### Dataset content
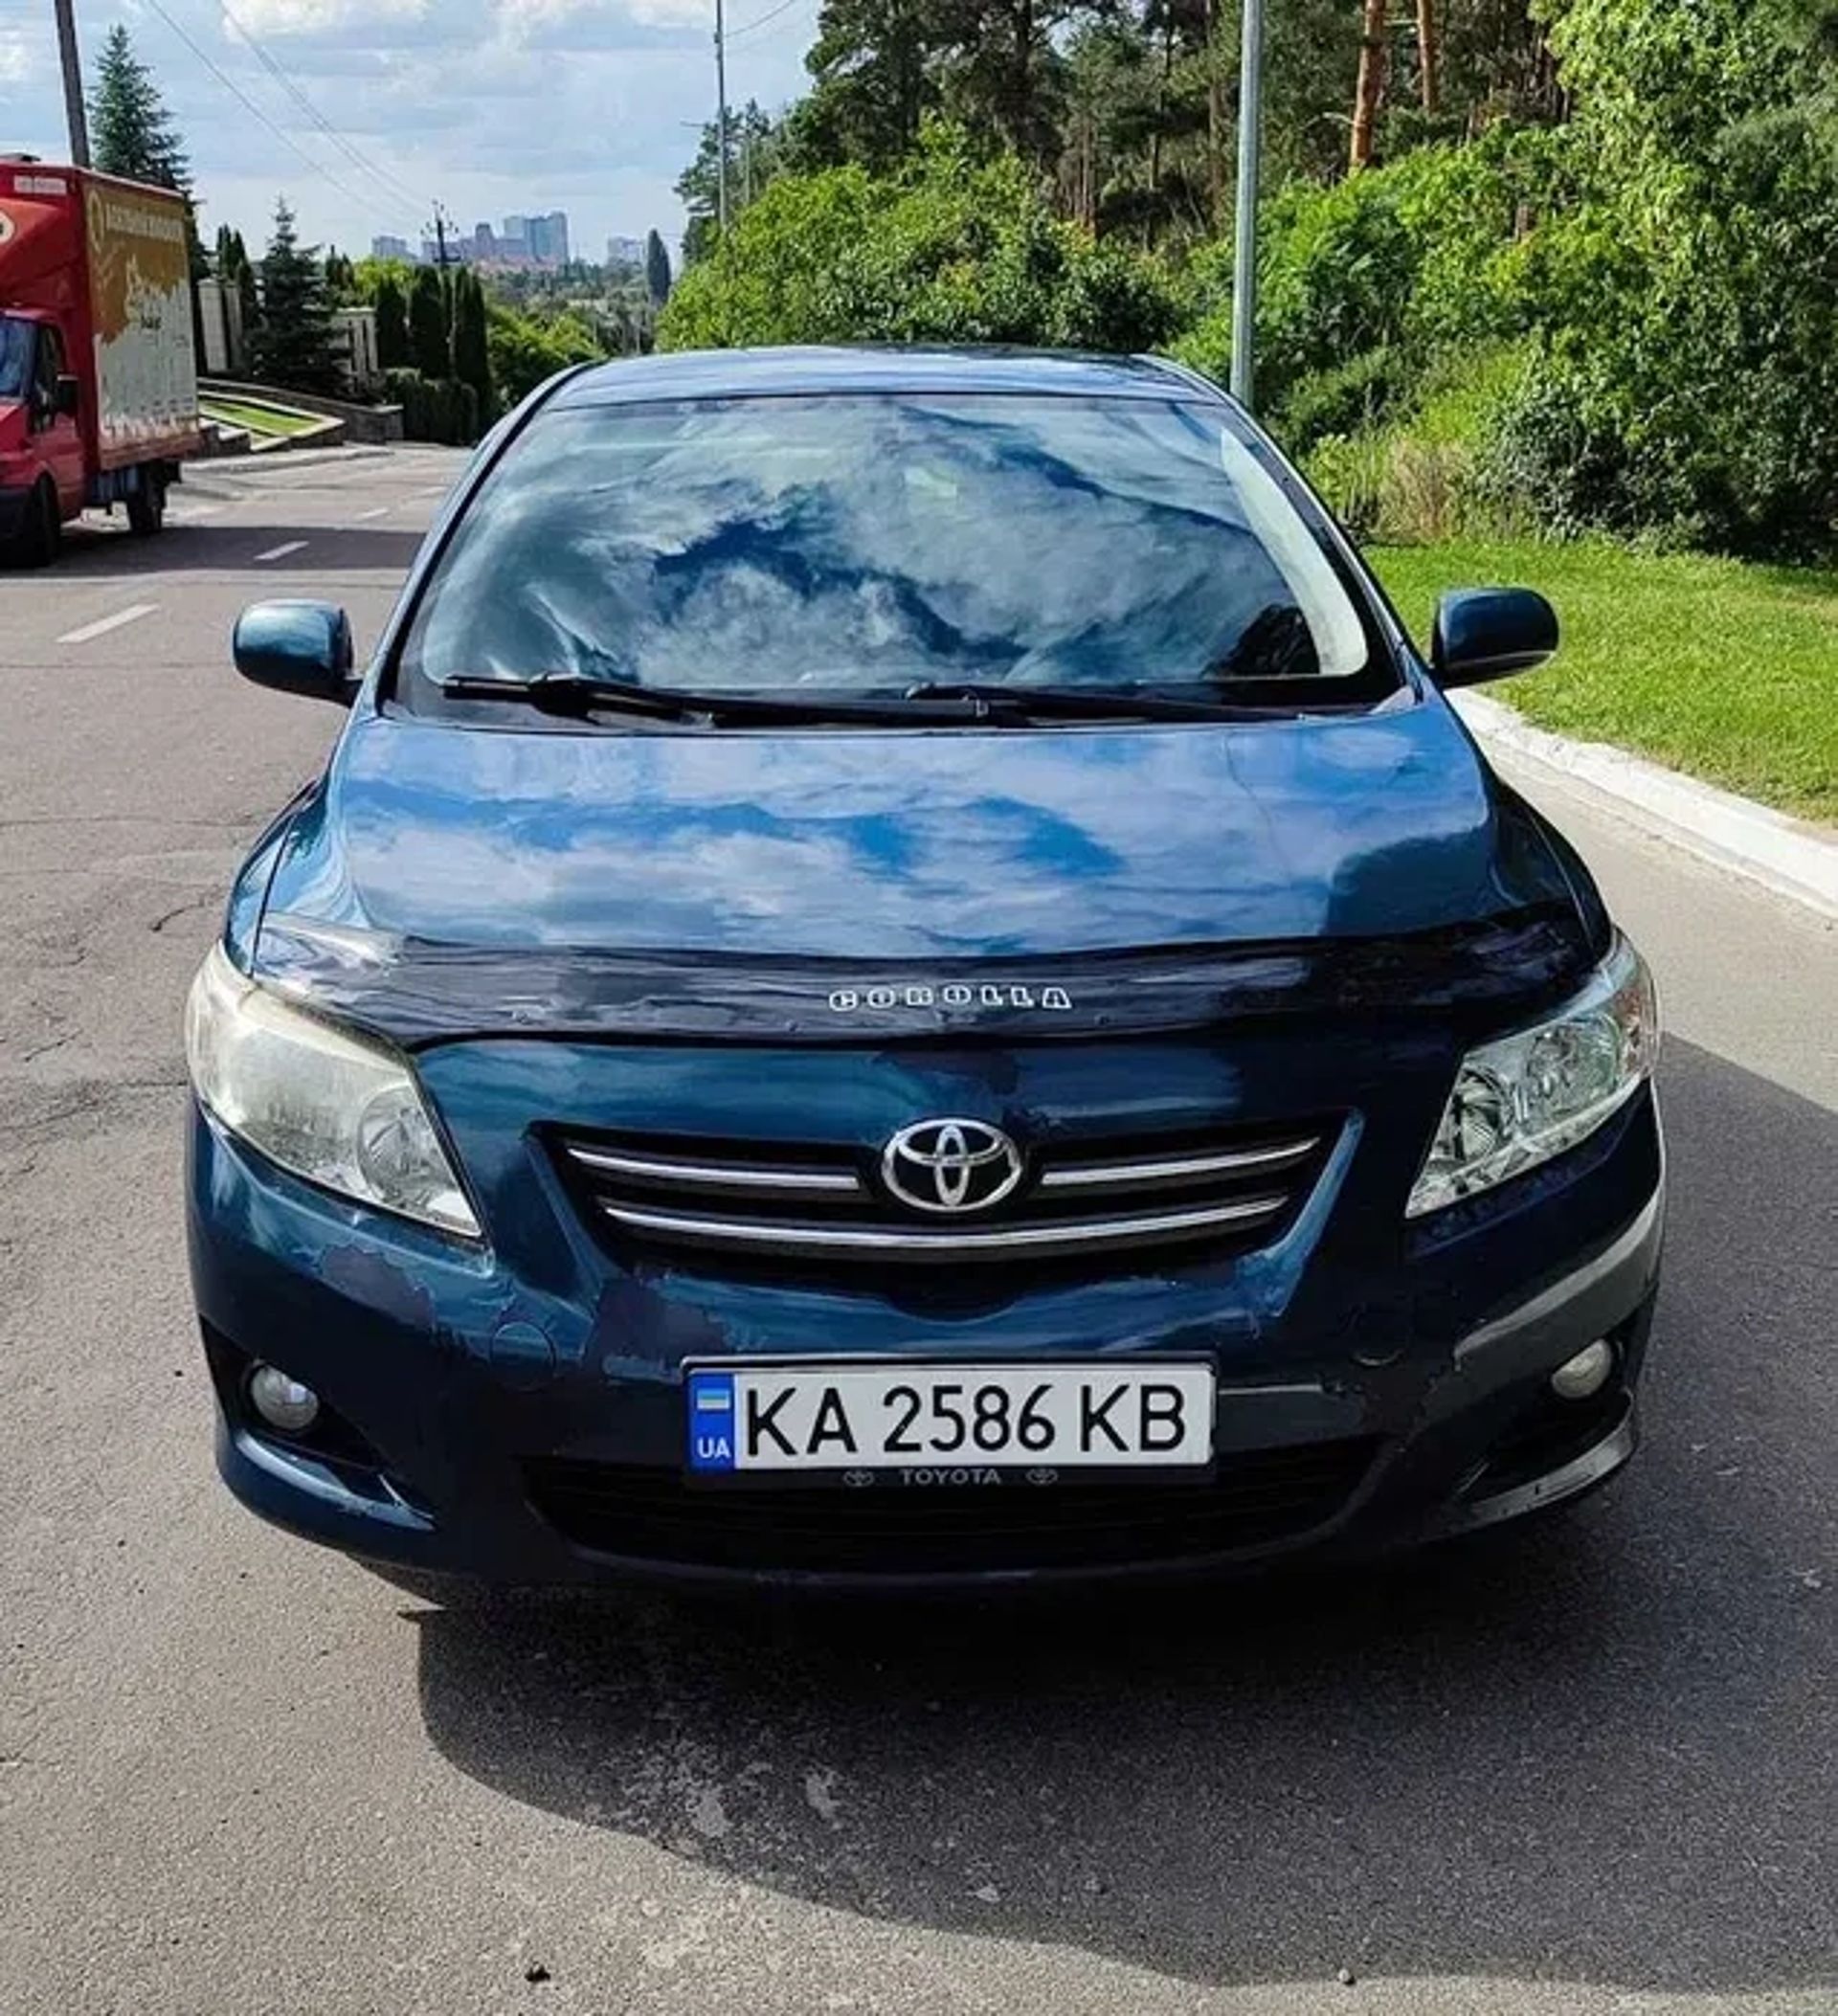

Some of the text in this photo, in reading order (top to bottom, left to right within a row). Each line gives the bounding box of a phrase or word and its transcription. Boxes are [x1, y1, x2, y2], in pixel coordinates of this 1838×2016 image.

[829, 985, 1072, 1012] COROLLA
[746, 1385, 1186, 1456] KA 2586 KB
[697, 1439, 730, 1459] UA
[901, 1468, 1001, 1486] TOYOTA
######
## Exercise
Copy the entries exactly. Leave out the images.

## Written response
Some of the text in this photo, in reading order (top to bottom, left to right within a row). Each line gives the bounding box of a phrase or word and its transcription. Boxes are [x1, y1, x2, y2], in pixel coordinates of this 1838×2016 image.

[829, 985, 1072, 1012] COROLLA
[746, 1385, 1186, 1456] KA 2586 KB
[697, 1439, 730, 1459] UA
[901, 1468, 1001, 1486] TOYOTA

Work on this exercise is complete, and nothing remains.